Each year, The Center for Eating Disorders sponsors a Fall Outreach Event to help promote messages about eating disorder recovery, awareness and prevention within the community.  Last October, we were proud to host best-selling author, advocate and recovery role model, Jenni Schaefer.  Jenni spoke about her own experience with an eating disorder and about her latest book Goodbye Ed, Hello Me: Recover from Your Eating Disorder and Fall in Love with Life.  While its been almost eight months since Jenni’s presentation here in Baltimore, we know that the summer season can offer specific challenges related to eating disorder recovery, and so it seemed like a good opportunity for us to share some motivational moments from the presentation.  Check out these short, inspirational clips from Jenni’s talk – we hope that watching them might help others to stay focused on saying “Goodbye to Ed” too! 

Are you or someone you love working hard on recovery from an eating disorder?  Jenni speaks about “mediocre stages of recovery” in this clip and offers a little perspective on why its worth it to keep going. 

http://eatingdisorder.org/blog/wp-content/uploads/2010/06/schaefer1.flv

Have you ever felt that you have to be unhappy or that you were “born to be miserable”?   You certainly aren’t alone.  In this clip Jenni talks about breaking away from this belief and adding joy back into life. 
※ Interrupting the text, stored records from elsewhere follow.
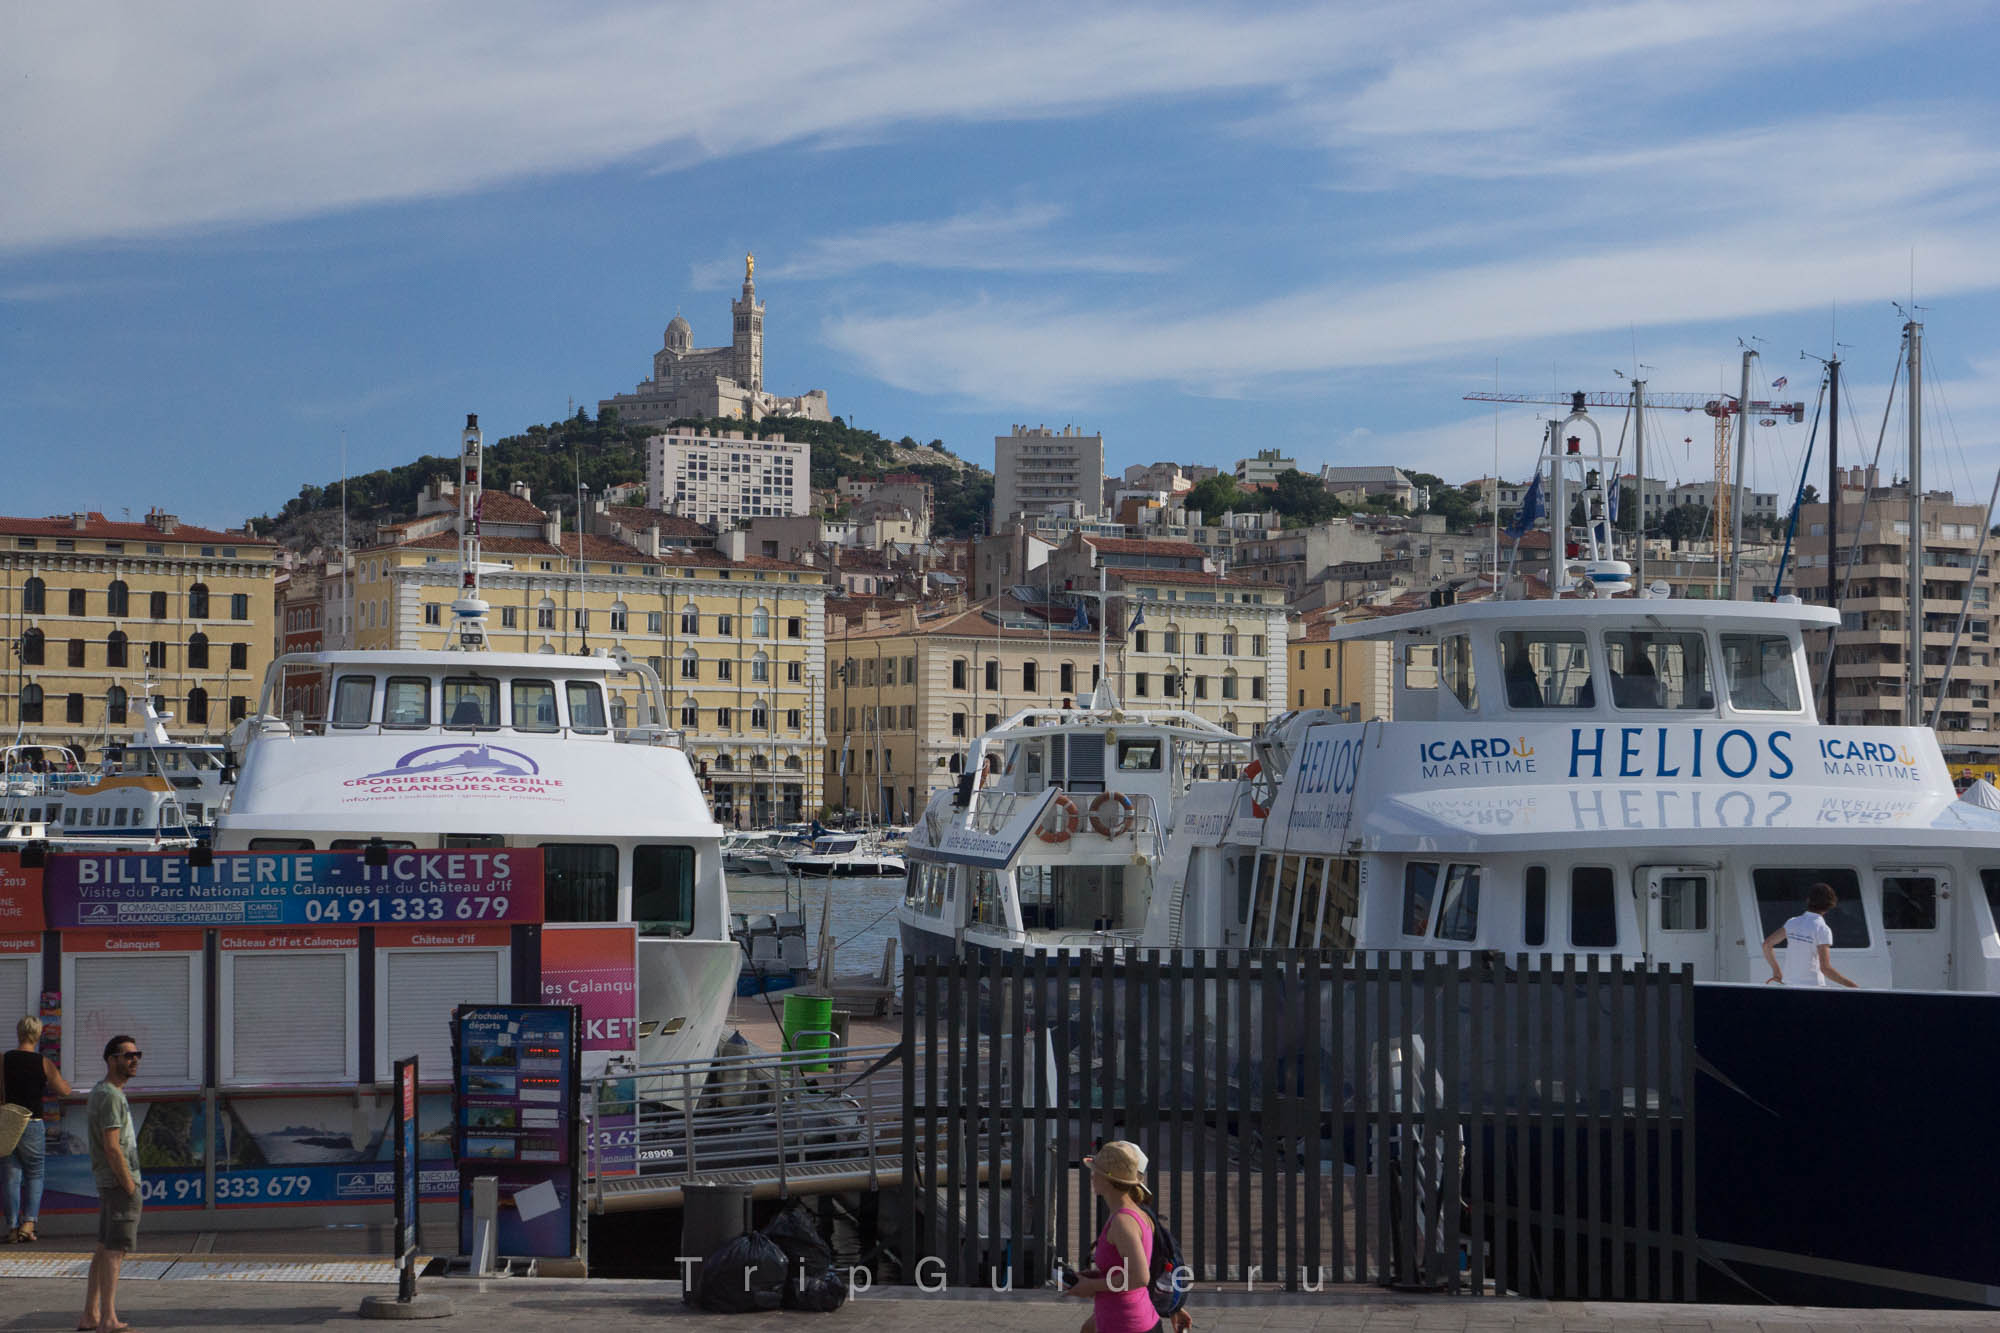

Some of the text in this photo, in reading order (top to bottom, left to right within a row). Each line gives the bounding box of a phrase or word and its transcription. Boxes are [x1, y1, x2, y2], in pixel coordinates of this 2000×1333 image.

[1420, 738, 1510, 763] ICARD
[1568, 728, 1793, 780] HELIOS
[1819, 739, 1896, 763] ICARD
[1300, 738, 1363, 795] HELIOS
[1422, 759, 1537, 779] MARITIME
[1824, 762, 1921, 781] MARITIME
[343, 775, 564, 787] CROISIERES-MARSEILLE
[78, 857, 314, 884] BILLETTERIE
[357, 853, 511, 881] TICKETS
[79, 880, 512, 897] Visite du Parc National des Calanques et du Château d'If
[119, 902, 187, 913] COMPAGNIES
[305, 896, 509, 921] 04 91 333 679
[105, 938, 160, 949] Calanques
[222, 937, 266, 948] Château
[304, 936, 357, 947] Calanques
[411, 935, 453, 946] Château
[568, 979, 637, 994] Calanqu
[582, 1017, 638, 1040] KET
[141, 1176, 311, 1200] 04 91 333 679
http://eatingdisorder.org/blog/wp-content/uploads/2010/06/schaefer2.flv

What is recovery about for you? 

For everyone who could use a little ongoing motivation - check out Jenni Schaefer’s Recovery Support Blog  as well as her regular blog contributions to The Huffington Post  which often span the topics of eating disorders, recovery and dating.  And if you’re curious about that guitar she was talking about or the song she sang later in her presentation- check out her website for the lyrics.

Many thanks to Jenni Schaefer for continuing to inspire so many people and for being a role model not just in recovery but in living a balanced and joyful life. 

Appointed to the Ambassador Council of the National Eating Disorders Association, Jenni Schaefer is a singer/songwriter, speaker, and author of Life Without Ed: How One Woman Declared Independence from Her Eating Disorder and How You Can Too(McGraw-Hill) and Goodbye Ed, Hello Me: Recover from Your Eating Disorder and Fall in Love with Life(McGraw-Hill 2009). She is a consultant with Center For Change in Orem, Utah. For more information: www.jennischaefer.com

If you’d like to receive updates about future community events at The Center for Eating Disorders at Sheppard Pratt, please visit our website and sign-up on our mailing list.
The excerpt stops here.